全身抗菌薬が必要なのは、「全身」に症状があるときです。発熱、頻脈、頻呼吸、血圧低下や血液検査の異常など、全身感染症を疑ったら、しかるべくワークアップして、治療します。
ワークアップは基本的なものを行います。血液培養2セット、、たとえ熱傷があって採血が困難であってもコンタミがあると大変ですから、なんとか頑張って採ってください。尿培養や喀痰培養も重要です。熱傷患者は創部関連の敗血症が多いですが、肺炎、尿路感染、カテ感染も同様に多いです。
熱傷感染では、創部の定量培養を行い、菌量が10の5乗以上であれば有意にとる、というプラクティスもありますが、岩田はあまり一般的に用いておりません。
治療は、原因としてもっとも多いブドウ球菌と緑膿菌をカバーすべく、バンコマイシン、セフタジジム(モダシン)などを使い、培養結果を見てde-escalationというパターンが多いです。局所の洗浄や壊死組織のデブリドマンなども当然必要です。真菌血症などが合併したら、抗真菌薬も追加します。
外傷後についても、ルーチンでは予防的抗菌薬は必要ありません。ただし、汚染された外傷、開放骨折、動物咬傷などでは予防的抗菌薬が推奨されます。開放骨折ではセファレキシン(ケフレックス)などの1世代セファロスポリンが、動物咬傷ではオグサワ(アモキシシリン+アモキシシリン・クラブラン酸)などが推奨されます。まあ、このへんは研究もあまり多くない領域で、迷った場合には感染症屋に相談してください。

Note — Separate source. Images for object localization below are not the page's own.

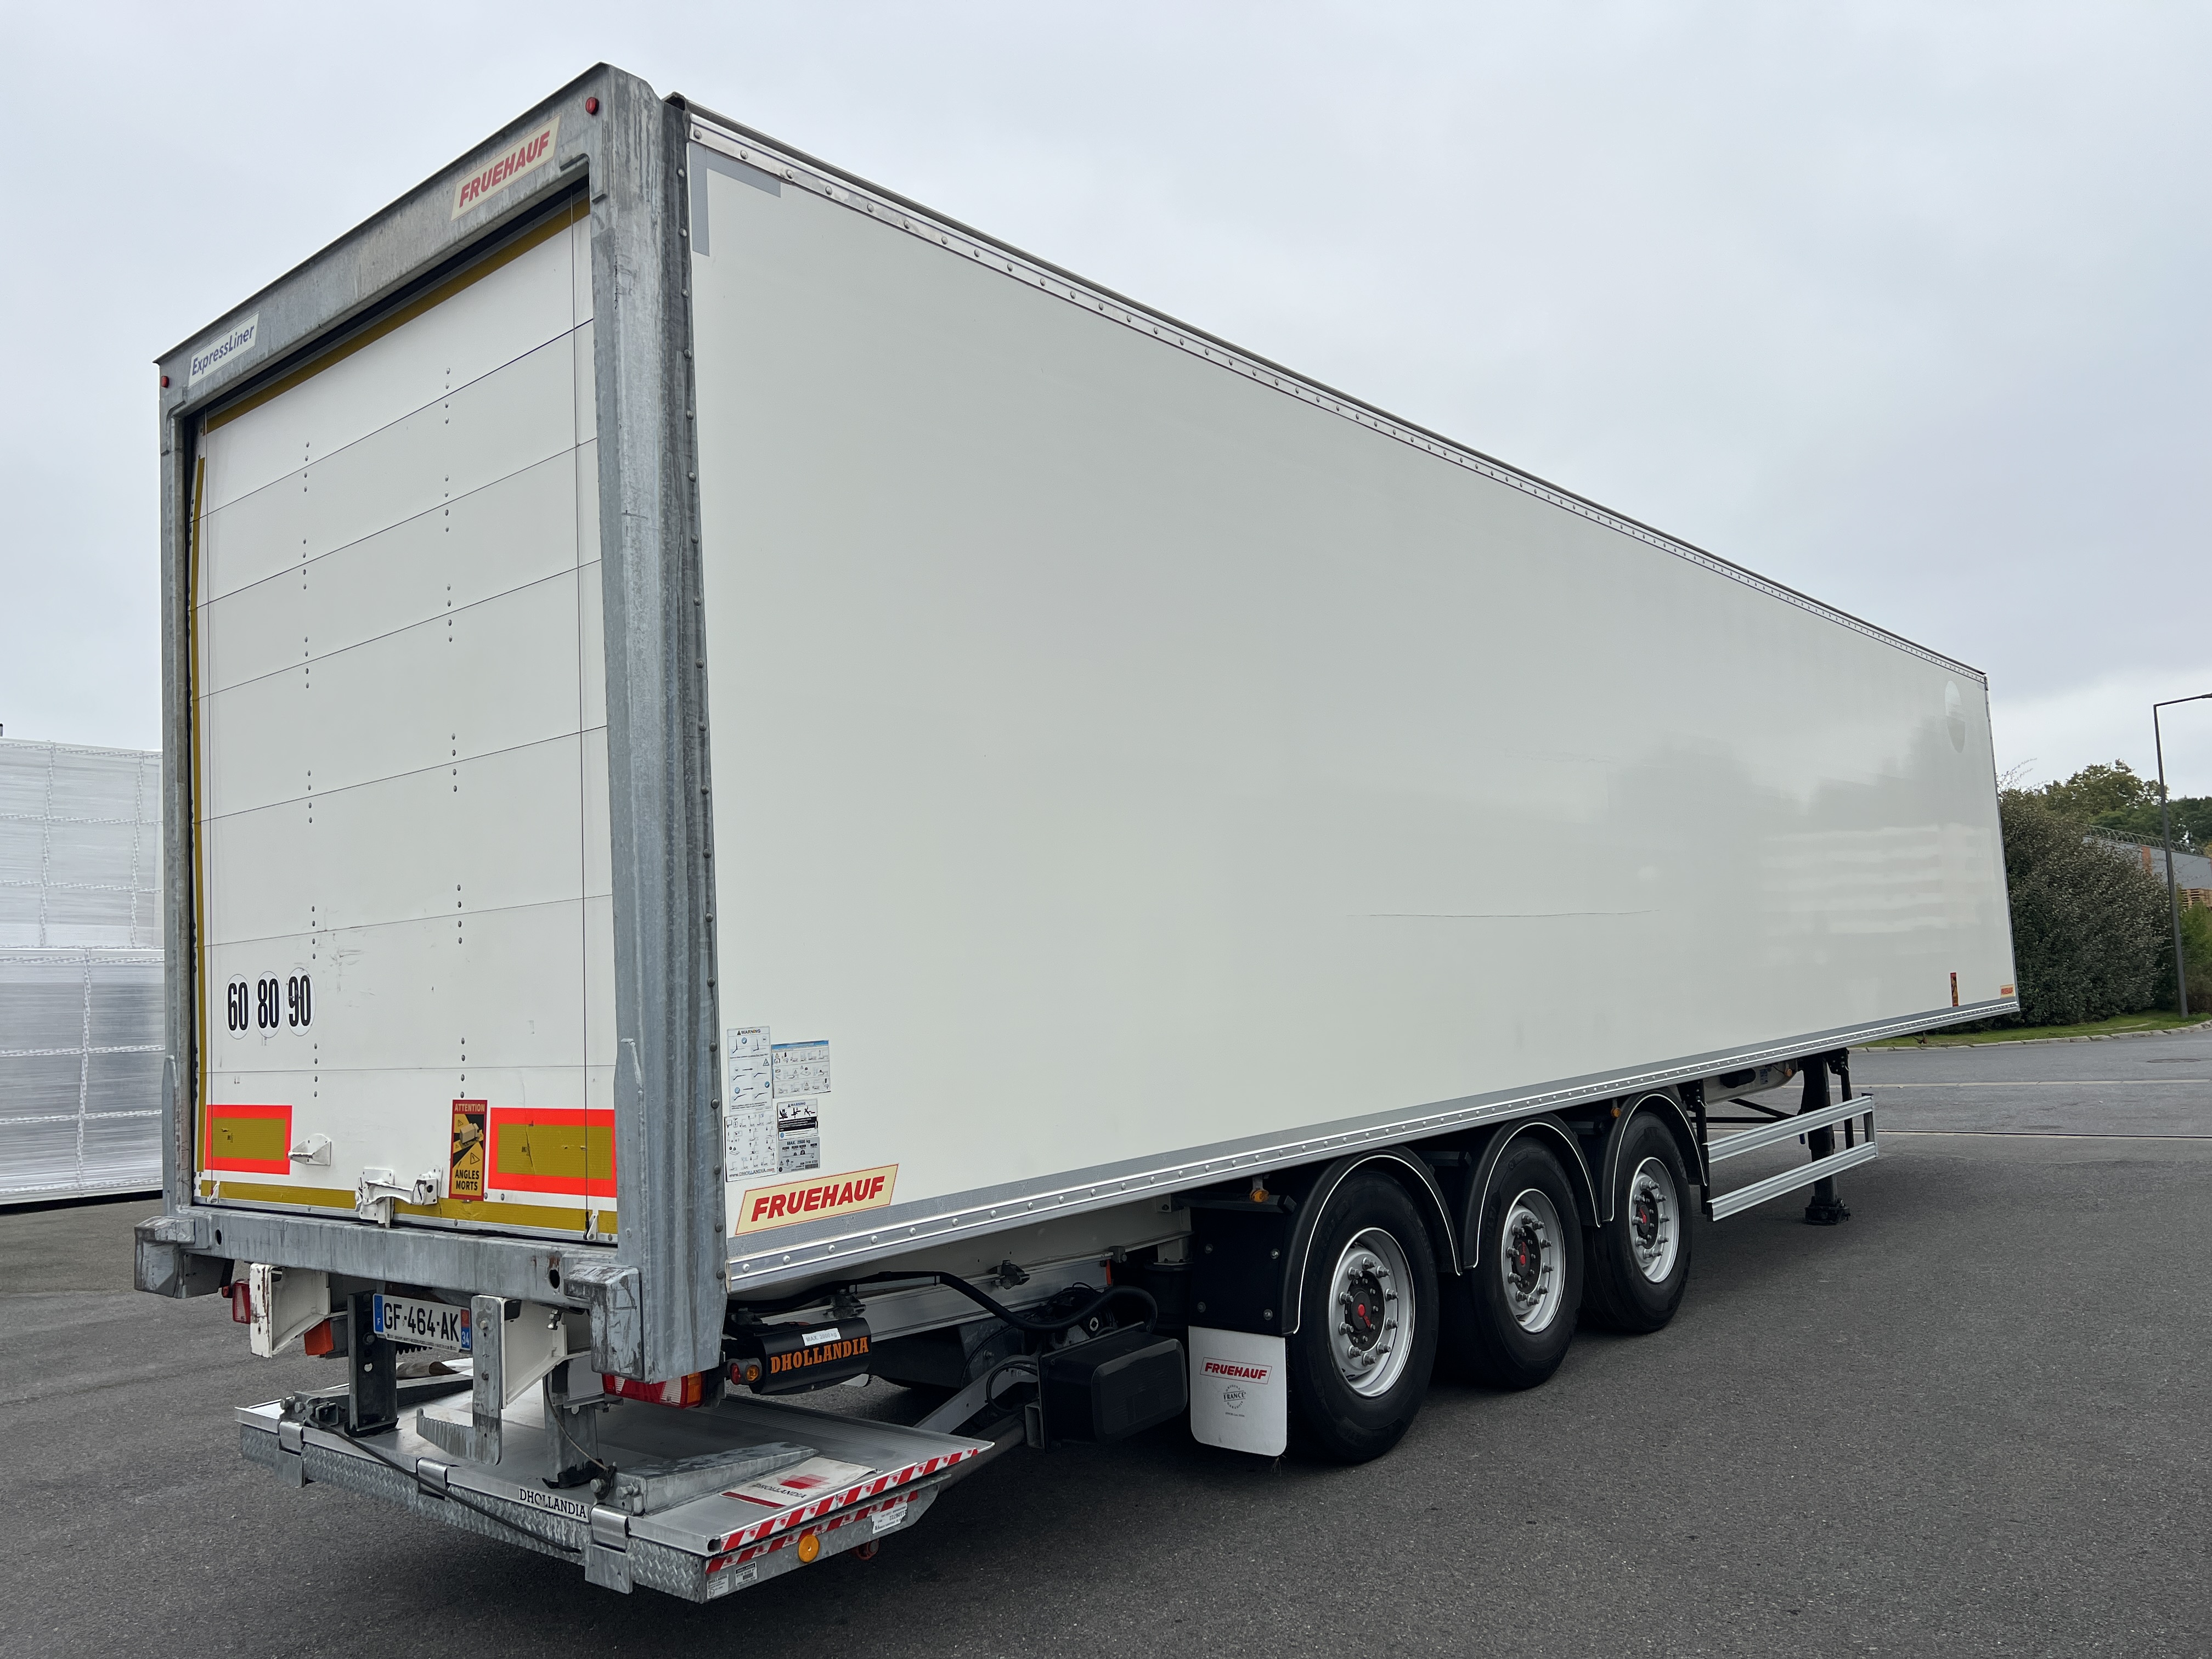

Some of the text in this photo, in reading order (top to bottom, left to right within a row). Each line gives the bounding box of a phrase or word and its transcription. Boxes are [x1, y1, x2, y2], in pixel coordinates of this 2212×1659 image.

[459, 129, 550, 208] FRUEHAUF
[192, 325, 255, 376] ExpressLiner
[228, 981, 248, 1031] 60
[257, 978, 279, 1029] 80
[288, 975, 311, 1027] 90
[454, 1103, 486, 1112] ATTENTION
[454, 1169, 479, 1180] ANGLES
[455, 1180, 478, 1191] MORTS
[729, 1167, 775, 1178] www.DHOLLANDIA.com
[751, 1176, 885, 1222] FRUEHAUF
[377, 1317, 381, 1326] F
[383, 1302, 460, 1342] GF-464-AK
[461, 1331, 470, 1345] 34
[770, 1336, 869, 1374] DHOLLANDIA
[1205, 1362, 1267, 1380] FRUEHAUF
[519, 1488, 587, 1519] DHOLLANDIA
[752, 1482, 808, 1499] DHOLLANDIA

それよりも破傷風予防のための、破傷風トキソイド(ハトキ)と破傷風免疫グロブリンの投与が大事です。汚い創の場合は5年以内にハトキを打っていなければ、ハトキと免疫グロブリンを、きれいな創の場合は10年以内にハトキを打っていなければハトキだけを打ちます。高齢者で三種混合ワクチンを幼少時に受けていない場合も、トキソイドや免疫グロブリンの適応があります。よく分かんなかったら、感染症屋を呼んでください。

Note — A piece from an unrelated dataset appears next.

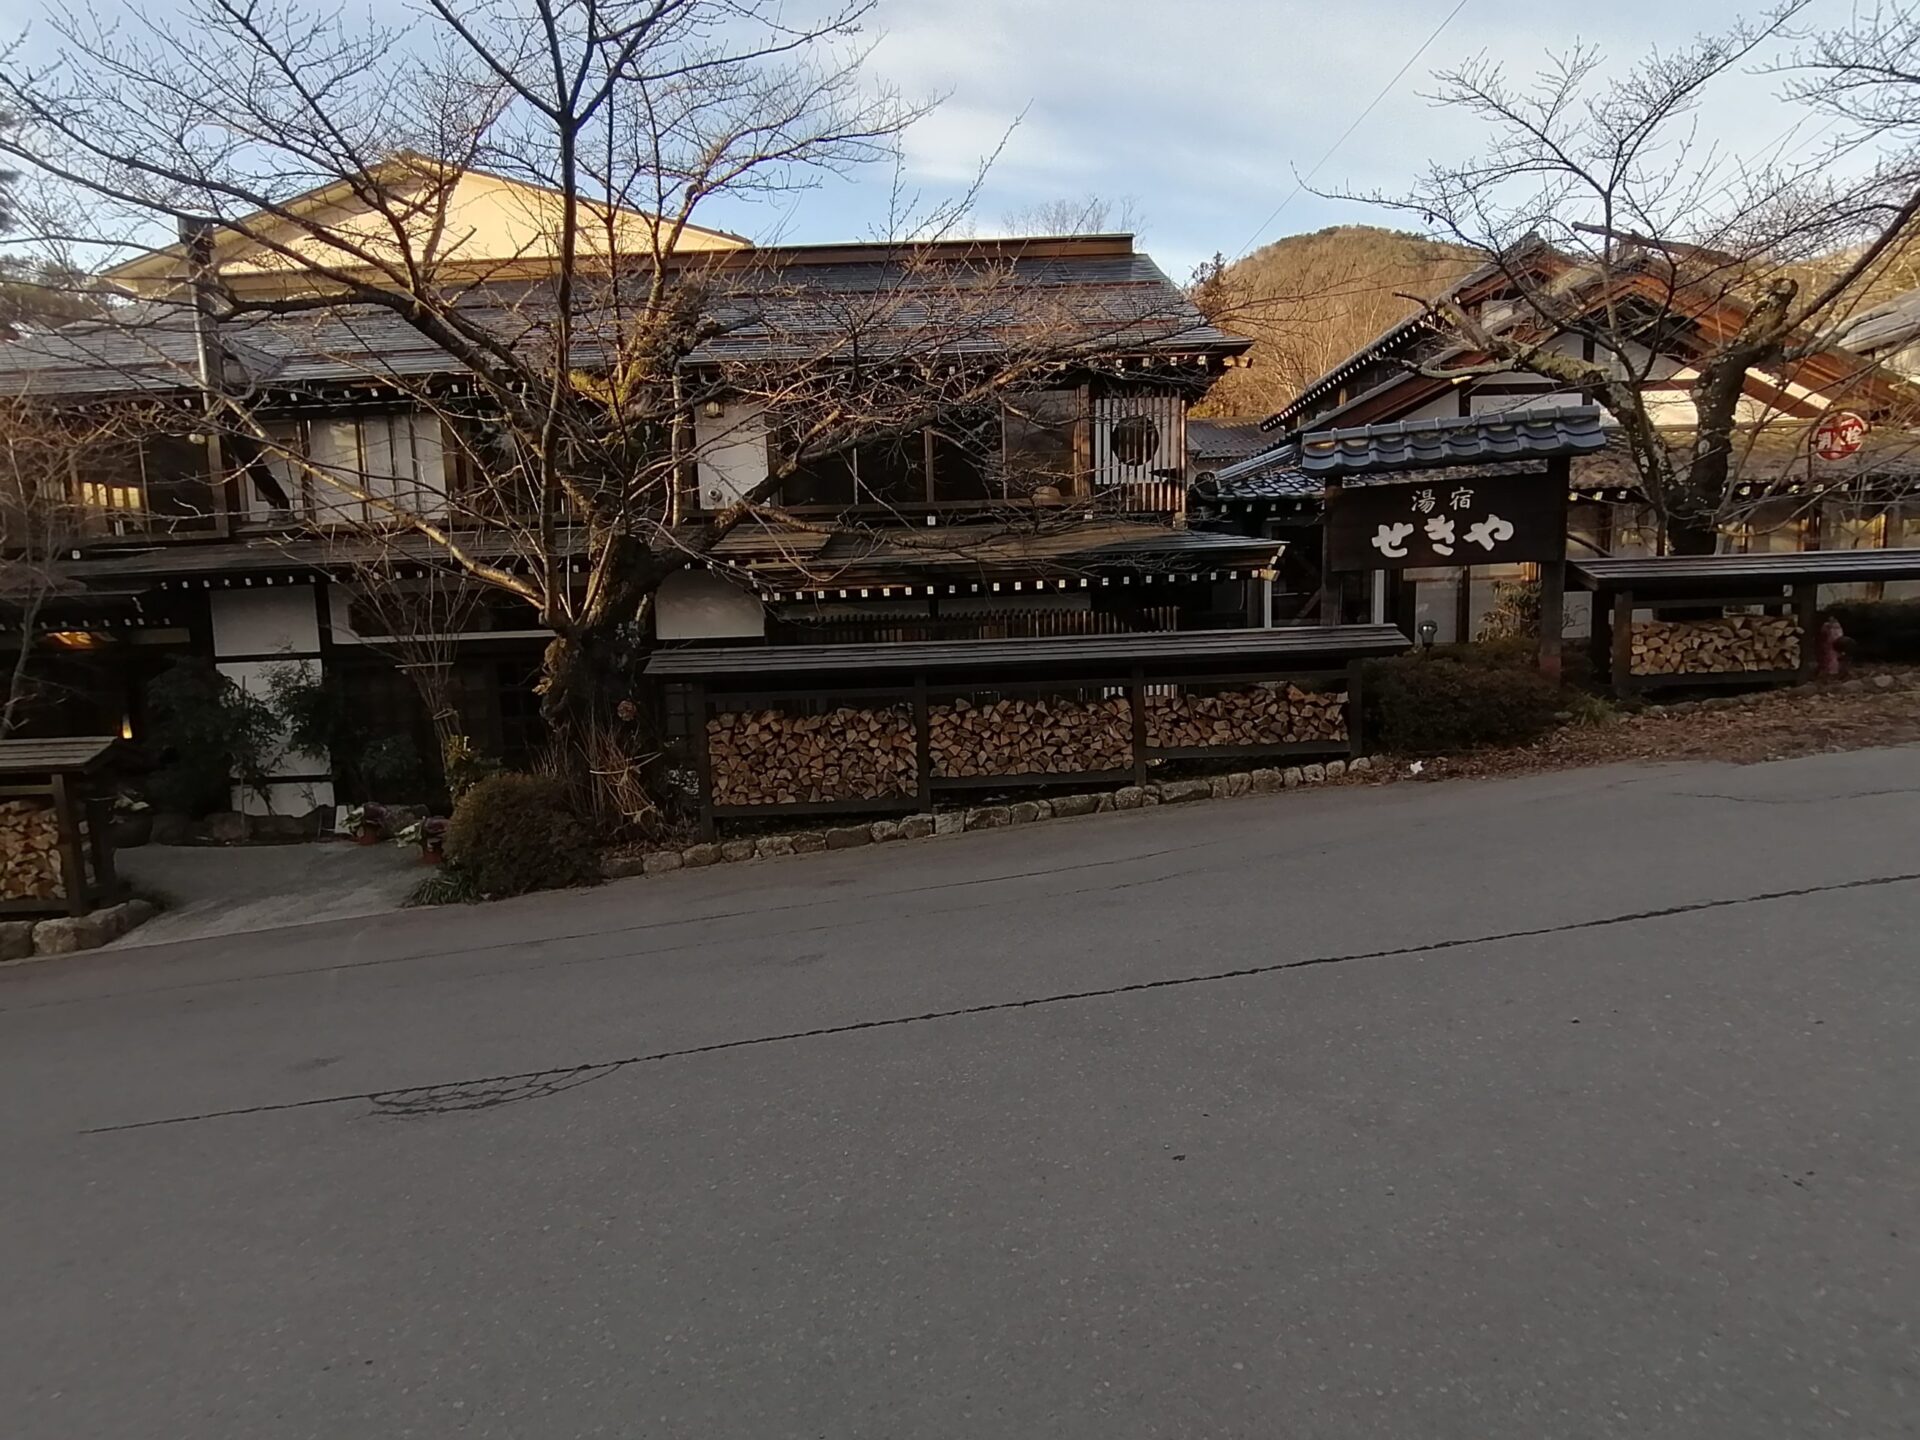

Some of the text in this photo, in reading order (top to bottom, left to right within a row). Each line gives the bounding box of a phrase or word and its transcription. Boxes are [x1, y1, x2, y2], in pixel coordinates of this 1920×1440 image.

[1411, 486, 1475, 514] 湯宿
[1371, 513, 1514, 558] せきや

それから脾破裂や脾摘があった場合には、13価の結合型肺炎球菌ワクチン(プレベナー)を1回接種し、8週間待って23価の肺炎球菌ワクチン(ニューモバックス)を接種します。もし5年以上前にニューモバックス接種を受けていたら、やはり同様に13価のプレベナー、8週間待って23価のニューモバックスを打ちます。5年以内だったら、1回だけ13価のプレベナーを接種します。その後は5年ごとに23価のニューモバックスが推奨されます。なお、5歳未満の場合は連日の抗菌薬予防投与も推奨されます。このへんは、最近予防接種の選択肢が増えた分、ややこしくなったので、ぜひ感染症屋にご相談ください。
まとめ
・熱傷にルーチンの予防的抗菌薬は必要ない。
・全身感染症を疑ったら、適切な培養をとって治療
・外傷では破傷風予防が大事。
・脾摘患者では肺炎球菌の予防を。最近ややこしくなったので、迷ったら感染症屋コール!
文献
Gauglitz GG, and Shahrokhi S. Clinical manifestations, diagnosis, and treatment of burn wound sepsis. UpToDate. last updated Oct 17, 2013.
Lane JC et al. Current Concepts of Prophylactic Antibiotics in Trauma: A Review. Open Orthop J. 2012 Nov 30;6:511–7.